Soon after my return from Leyden, I was recommended by my good master, Mr. Bates, to be surgeon to the "Swallow," Captain Abraham Pannell, commander; with whom I continued three years and a half, making a voyage or two into the Levant, and some other parts. When I came back I resolved to settle in London; to which Mr. Bates, my master, encouraged me, and by him I was recommended to several patients. I took part of a small house in the Old Jewry; and, being advised to alter my condition, I married Mrs. Mary Burton, second daughter to Mr. Edmund Burton, hosier in Newgate Street, with whom I received four hundred pounds for a portion.

But my good master, Bates, dying in two years after, and I having few friends, my business began to fail; for my conscience would not suffer me to imitate the bad practice of too many among my brethren. Having, therefore, consulted with my wife, and some of my acquaintance, I determined to go again to sea. I was surgeon successively in two ships, and made several voyages, for six years, to the East and West Indies, by which I got some addition to my fortune. My hours of leisure I spent in reading the best authors, ancient and modern, being always provided with a good number of books; and, when I was ashore, in observing the manners and dispositions of the people, as well as learning their language, wherein I had a great facility, by the strength of my memory.
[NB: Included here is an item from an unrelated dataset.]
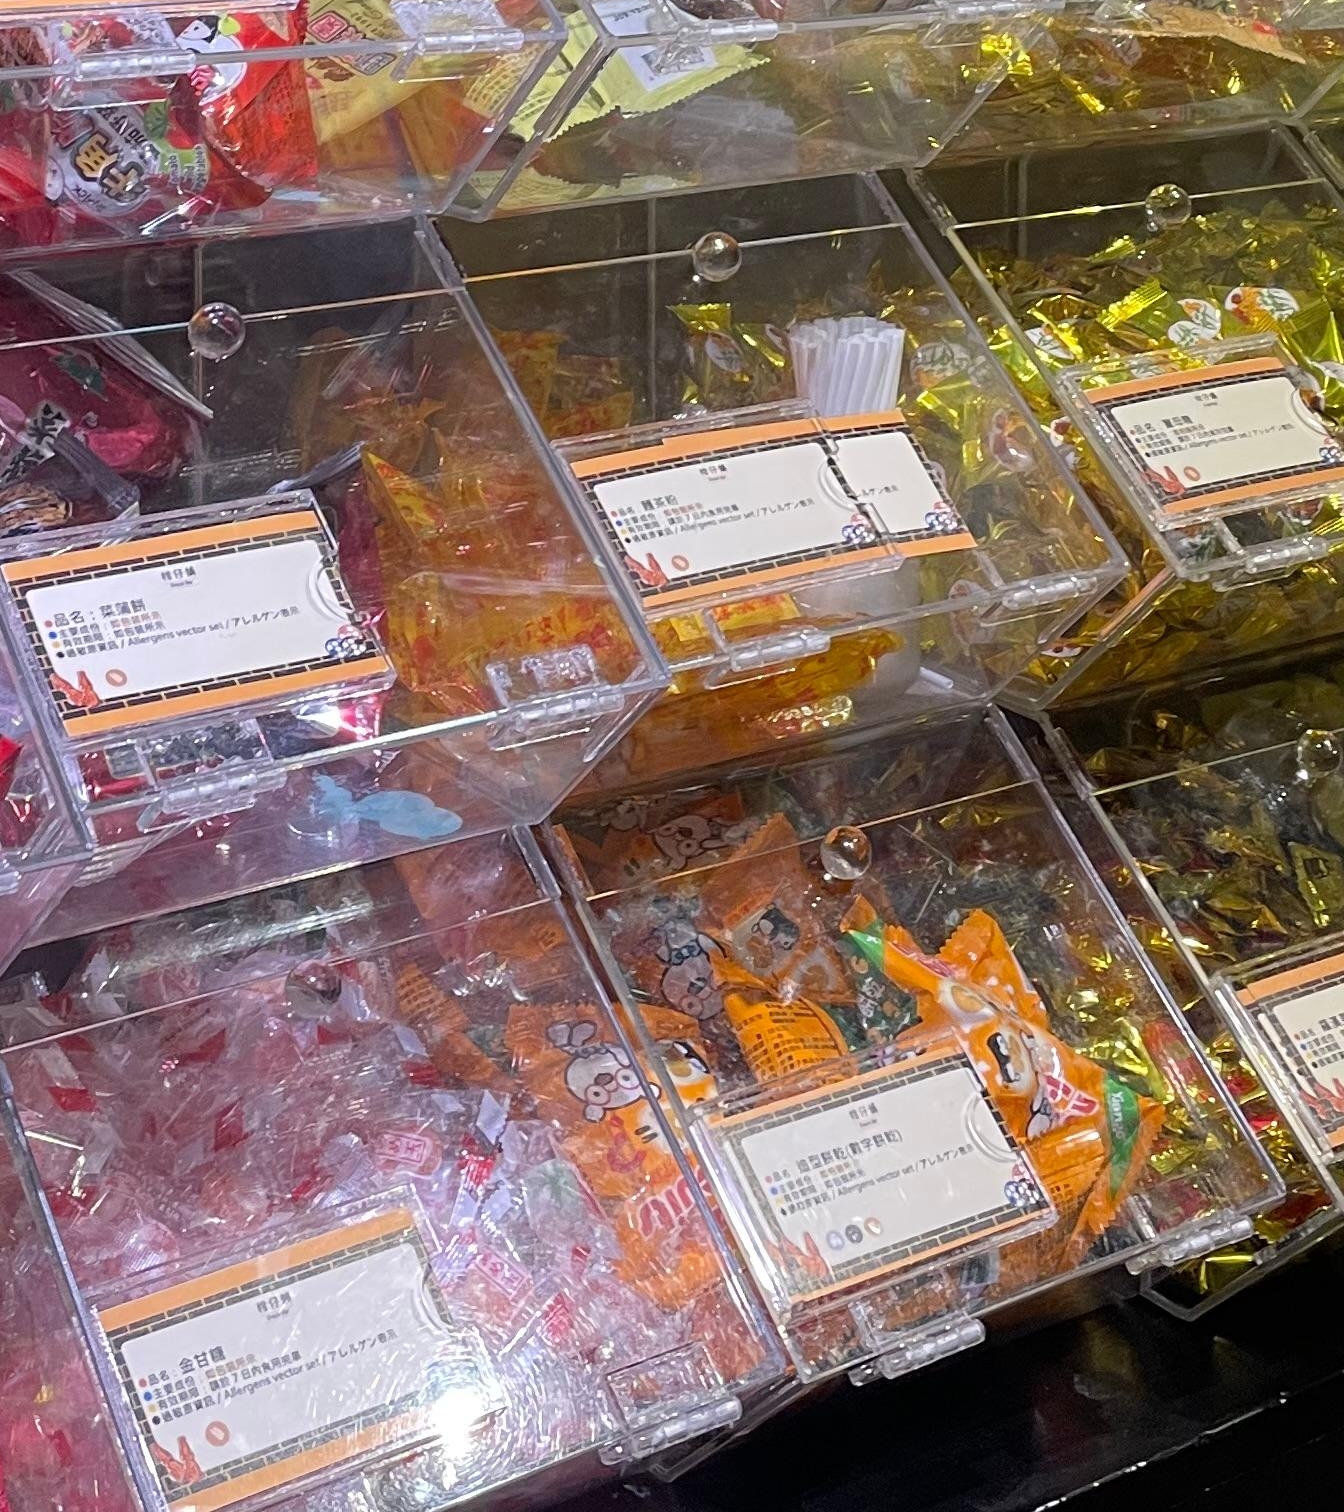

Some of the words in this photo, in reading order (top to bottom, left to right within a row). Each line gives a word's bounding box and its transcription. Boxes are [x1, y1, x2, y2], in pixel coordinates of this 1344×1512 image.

The last of these voyages not proving very fortunate, I grew weary of the sea, and intended to stay at home with my wife and family. I removed from the Old Jewry to Fetter Lane, and from thence to Wapping, hoping to get business among the sailors; but it would not turn to account. After three years' expectation that things would mend, I accepted an advantageous offer from Captain William Prichard, master of the "Antelope," who was making a voyage to the South Sea. We set sail from Bristol, May 4, 1699; and our voyage at first was very prosperous.

It would not be proper, for some reasons, to trouble the reader with the particulars of our adventures in those seas. Let it suffice to inform him, that, in our passage from thence to the East Indies, we were driven by a violent storm, to the northwest of Van Diemen's Land.

By an observation, we found ourselves in the latitude of 30 degrees and 2 minutes south. Twelve of our crew were dead by immoderate labor and ill food; the rest were in a very weak condition.